WHAT THIS TASK INVOLVES – Transcribe the records that follow, keeping every word as it stands.
[SUPPLIED DATA Boundary: Start]
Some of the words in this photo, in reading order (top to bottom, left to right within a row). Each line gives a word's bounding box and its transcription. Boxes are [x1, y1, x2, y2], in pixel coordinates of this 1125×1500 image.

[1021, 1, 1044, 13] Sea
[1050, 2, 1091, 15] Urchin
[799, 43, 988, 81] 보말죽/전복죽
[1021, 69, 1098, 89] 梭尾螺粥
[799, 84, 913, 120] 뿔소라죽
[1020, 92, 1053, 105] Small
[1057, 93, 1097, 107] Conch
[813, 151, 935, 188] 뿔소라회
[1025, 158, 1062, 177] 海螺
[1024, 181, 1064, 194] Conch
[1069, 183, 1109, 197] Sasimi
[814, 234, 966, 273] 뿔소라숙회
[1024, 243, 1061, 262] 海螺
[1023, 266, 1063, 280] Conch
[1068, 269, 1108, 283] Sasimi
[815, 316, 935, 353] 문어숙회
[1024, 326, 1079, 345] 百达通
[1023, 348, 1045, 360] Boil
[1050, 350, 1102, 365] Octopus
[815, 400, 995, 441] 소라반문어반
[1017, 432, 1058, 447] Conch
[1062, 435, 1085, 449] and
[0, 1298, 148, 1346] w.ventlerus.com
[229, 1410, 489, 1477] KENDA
[SUPPLIED DATA Boundary: End]
FINAL ANSWER –
Some of the words in this photo, in reading order (top to bottom, left to right within a row). Each line gives a word's bounding box and its transcription. Boxes are [x1, y1, x2, y2], in pixel coordinates of this 1125×1500 image.

[1021, 1, 1044, 13] Sea
[1050, 2, 1091, 15] Urchin
[799, 43, 988, 81] 보말죽/전복죽
[1021, 69, 1098, 89] 梭尾螺粥
[799, 84, 913, 120] 뿔소라죽
[1020, 92, 1053, 105] Small
[1057, 93, 1097, 107] Conch
[813, 151, 935, 188] 뿔소라회
[1025, 158, 1062, 177] 海螺
[1024, 181, 1064, 194] Conch
[1069, 183, 1109, 197] Sasimi
[814, 234, 966, 273] 뿔소라숙회
[1024, 243, 1061, 262] 海螺
[1023, 266, 1063, 280] Conch
[1068, 269, 1108, 283] Sasimi
[815, 316, 935, 353] 문어숙회
[1024, 326, 1079, 345] 百达通
[1023, 348, 1045, 360] Boil
[1050, 350, 1102, 365] Octopus
[815, 400, 995, 441] 소라반문어반
[1017, 432, 1058, 447] Conch
[1062, 435, 1085, 449] and
[0, 1298, 148, 1346] w.ventlerus.com
[229, 1410, 489, 1477] KENDA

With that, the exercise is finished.